Jessie Brown

Marissa Rashkovan

Jessie Brown’s fascination with cancer research was born out of a personal connection to the disease, having lost family members to cancer as a child. Most impactful, she says, was during middle school when her grandfather passed away from cancer.

“I’ve witnessed, both personally and as a hospice care volunteer, the fear associated with that first diagnosis, the elation of remissive disease, and the despair when resistance develops and relapse occurs years later,” says Dr. Brown, a postdoctoral research fellow in the lab of Dr. Adolfo Ferrando

As the first in her family to attend college, Dr. Brown had never spent time in a laboratory. During her undergraduate years at University of Arizona, she was encouraged to do research and joined a breast cancer lab. “I’ve been hooked on cancer research ever since.” 

In July, Dr. Brown was named a pediatric cancer fellow by the Damon Runyon Cancer Research Foundation. As one of just four new fellows, Dr. Brown is the recipient of the prestigious Damon Runyon-Sohn Pediatric Cancer Fellowship Award, committing nearly $1 million to help address a critical shortage of funding for pediatric cancer research. For the next four years, the fellowship will give her the opportunity to devote her time researching Acute Lymphoblastic Leukemia (ALL), an aggressive leukemia and one of the most common blood cancers in children and adolescents. 

Dr. Brown was also recognized as the inaugural Candy and William Raveis fellow, a new distinction in honor of the Raveis family’s work through their charitable fund to benefit cancer research.

As a member of the Ferrando lab in Columbia’s Institute for Cancer Genetics, Dr. Brown’s research is devoted to pediatric cancer. Dr. Ferrando, professor of pediatrics and of pathology, is a member of the Herbert Irving Comprehensive Cancer Center at Columbia/NewYork-Presbyterian and an expert in pediatric cancers. His lab focuses on understanding the molecular mechanisms that promote and sustain the malignant proliferation and survival of leukemic cells. Major areas of interest include elucidating mechanisms of clonal evolution and resistance to chemotherapy in relapsed Acute Lymphoblastic Leukemia (ALL), the functional characterization of key leukemia oncogenes, and the identification of therapeutic targets and novel drug combinations for the treatment of high-risk leukemias.

Despite significant progress in the outcomes of patients with ALL, relapse is tied to high rates of drug resistance and poor prognosis.
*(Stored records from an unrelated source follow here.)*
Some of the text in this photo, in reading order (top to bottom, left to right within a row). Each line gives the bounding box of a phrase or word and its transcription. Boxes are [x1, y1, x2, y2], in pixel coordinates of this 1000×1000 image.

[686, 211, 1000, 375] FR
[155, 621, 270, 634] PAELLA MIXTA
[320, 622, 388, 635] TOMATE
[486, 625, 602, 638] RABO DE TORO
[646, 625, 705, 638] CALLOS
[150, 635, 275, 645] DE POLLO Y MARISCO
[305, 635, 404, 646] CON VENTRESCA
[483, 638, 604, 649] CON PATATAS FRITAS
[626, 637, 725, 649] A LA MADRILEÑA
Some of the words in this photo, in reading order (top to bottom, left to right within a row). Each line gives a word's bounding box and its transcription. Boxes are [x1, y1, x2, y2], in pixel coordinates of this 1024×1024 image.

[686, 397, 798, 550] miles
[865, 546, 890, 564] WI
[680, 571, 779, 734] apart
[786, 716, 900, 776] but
To this end, Dr. Brown’s project aims to understand the heterogeneity of different cell populations at diagnosis and relapse in matched patient samples to identify the role of rare cell populations in relapse and chemo-resistance. The hope is to then target these cells early on in disease to improve treatment outcomes. 
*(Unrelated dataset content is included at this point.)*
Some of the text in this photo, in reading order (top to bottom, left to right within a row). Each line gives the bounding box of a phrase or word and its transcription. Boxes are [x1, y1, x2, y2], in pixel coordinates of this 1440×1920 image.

Part of her decision to pursue pediatric cancer came from the knowledge that some pediatric disease relies on distinct origins in comparison to adult cancers. “I’m interested in what makes pediatric cancer cells different and how we can target them. Children are also exposed to huge amounts of chemotherapy in the treatment of ALL, which means that they can be more at risk of developing other cancers later in life—and I am interested in developing improved therapeutics that could lead to better quality of life down the road.”

In the Ferrando lab, Dr. Brown joins postdoc Marissa Rashkovan, PhD, who is in her third year as a Damon Runyon-Sohn Pediatric Cancer fellow. To Dr. Rashkovan, receiving the award meant a great deal, particularly the foundation’s consistent support to both its current and former fellows. “I was very grateful to have been awarded this fellowship and to become a part of such a small, prestigious scientific community, especially so quickly after starting my postdoc at Columbia.” 

Dr. Rashkovan made the decision at 14 to pursue a career in cancer research after witnessing her mom’s battle with the disease. Her PhD focused on T-cell development and to some extent T-ALL, an aggressive leukemia, accounting for 10-15% of pediatric and 25% of adult ALL cases. As part of her Damon Runyon-Sohn fellowship, Dr. Rashkovan is focusing on a rare type of T-ALL (ETP-ALL) that has poor prognosis and poor survival rates. Using the cell’s metabolism, she is aiming to identify specific drugs or pathways that can be targeted in these cells to improve the outcome of these patients. Dr. Rashkovan was drawn to Columbia after meeting Dr. Ferrando and attending a few of his scientific talks.  

“The Ferrando lab was using state-of-the-art techniques and out-of-the-box thinking to identify the molecular mechanisms in the pathogenesis of pediatric T-ALL,” she says, “and the work being done there was making a huge impact on our understanding of this complex disease.”

For Dr. Brown,  being at Columbia and a member of the Ferrando lab has meant conducting research in a “dynamic and collaborative work environment where graduate students and postdocs are constantly learning and perfecting new techniques and technologies.” 

She adds, “It is easy to find anyone here that is an expert in that new technique you wanted to try, and I appreciate all the support and guidance I have received from my fellow scientists.”